**PROBLEM STATEMENT**
Repeat exactly, and only, the lines running from the one that holds "Some of the words" to the end of the records.

**DATA FOR THE TASK**
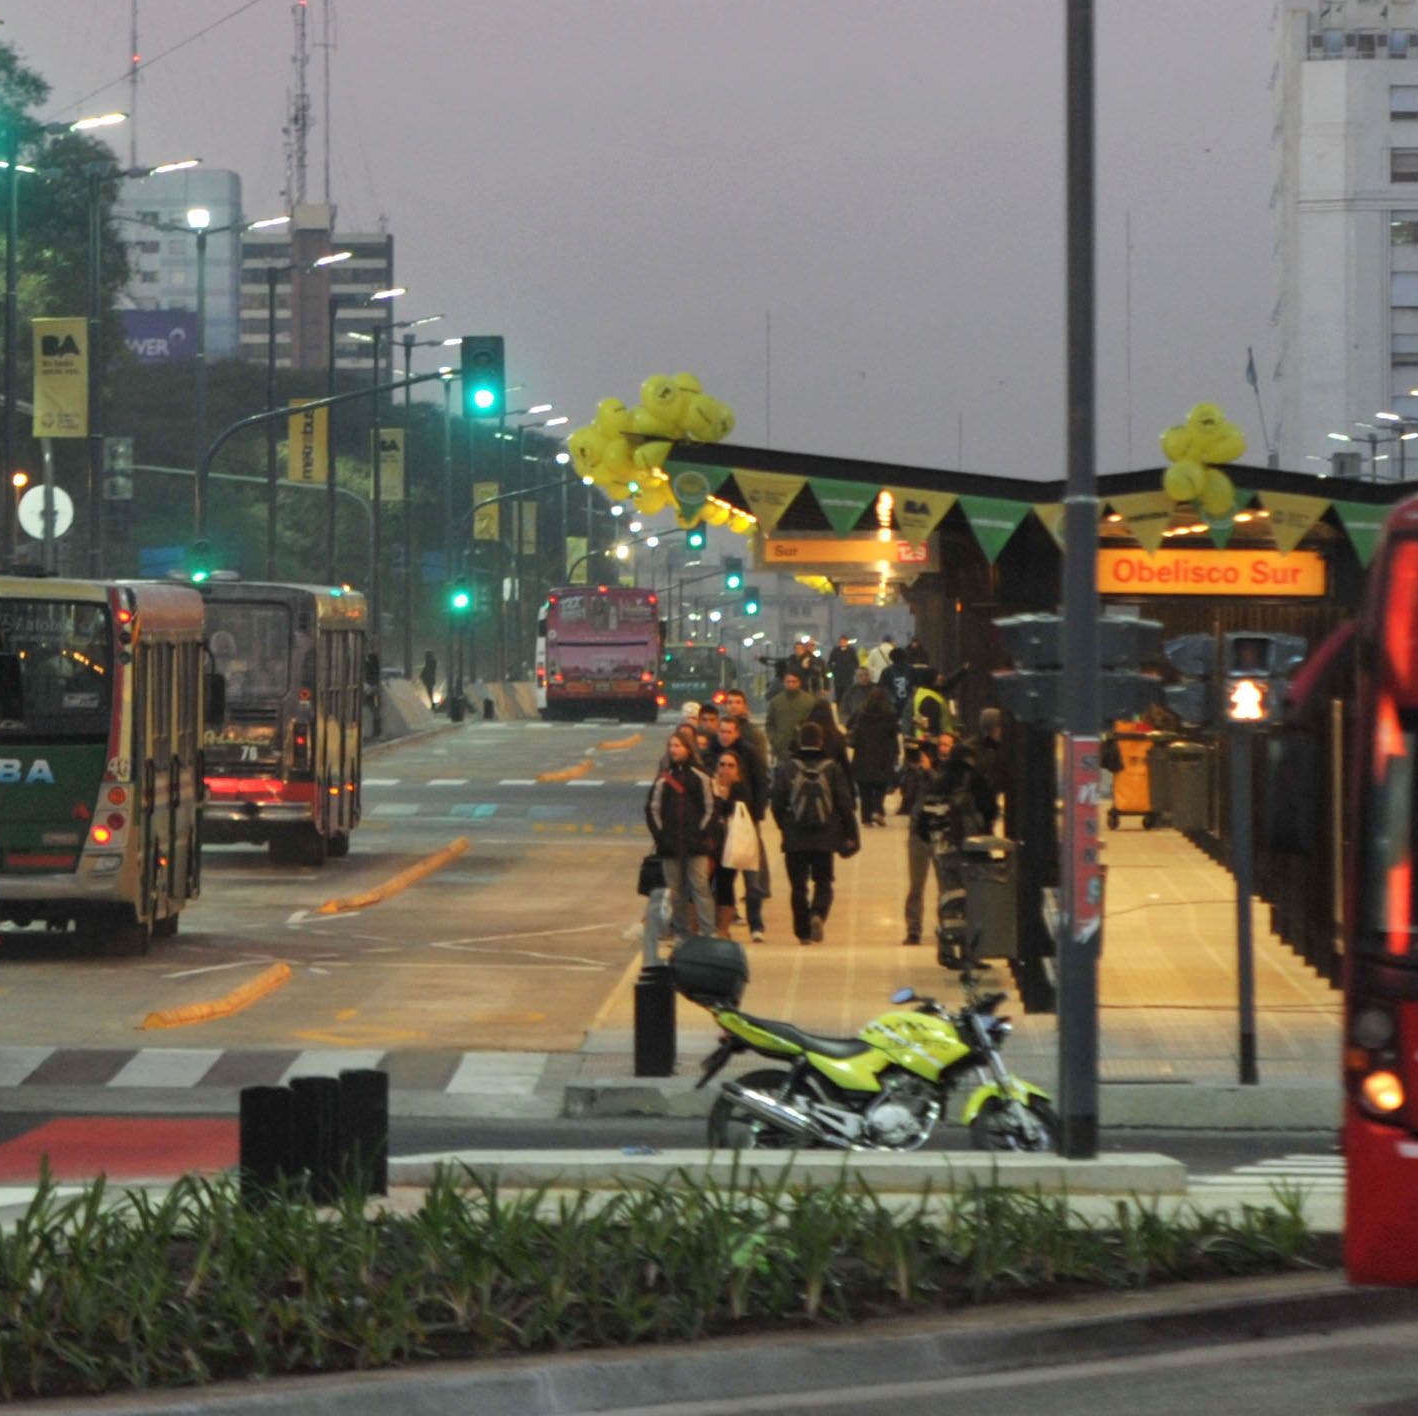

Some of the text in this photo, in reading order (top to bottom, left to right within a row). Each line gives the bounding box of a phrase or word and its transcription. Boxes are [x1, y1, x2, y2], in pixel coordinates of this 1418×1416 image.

[774, 544, 798, 557] Sur
[1113, 558, 1302, 585] Obelisco Sur
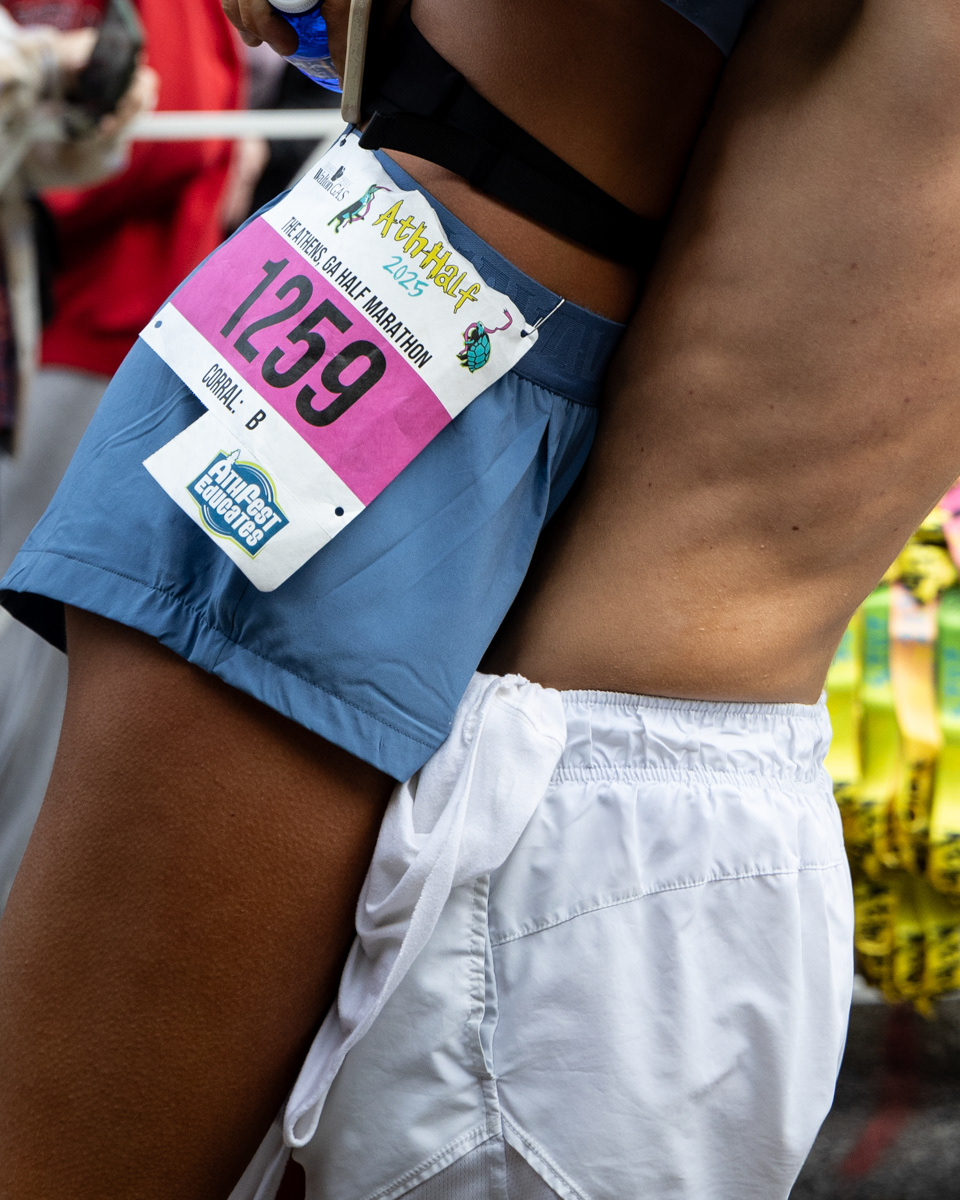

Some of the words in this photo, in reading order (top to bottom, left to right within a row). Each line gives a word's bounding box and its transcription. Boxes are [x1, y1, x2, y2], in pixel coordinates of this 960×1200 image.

[281, 216, 301, 237] THE
[292, 228, 327, 267] ATHENS,
[321, 256, 342, 277] GA
[335, 268, 371, 300] HALF
[362, 296, 432, 369] MARATHON
[372, 200, 481, 314] AthHalf
[382, 256, 429, 297] 2025
[202, 363, 244, 414] CORRAL:
[245, 409, 267, 430] B
[220, 258, 386, 427] 1259

**TASK SOLUTION**
Some of the words in this photo, in reading order (top to bottom, left to right within a row). Each line gives a word's bounding box and its transcription. Boxes are [x1, y1, x2, y2], in pixel coordinates of this 960×1200 image.

[281, 216, 301, 237] THE
[292, 228, 327, 267] ATHENS,
[321, 256, 342, 277] GA
[335, 268, 371, 300] HALF
[362, 296, 432, 369] MARATHON
[372, 200, 481, 314] AthHalf
[382, 256, 429, 297] 2025
[202, 363, 244, 414] CORRAL:
[245, 409, 267, 430] B
[220, 258, 386, 427] 1259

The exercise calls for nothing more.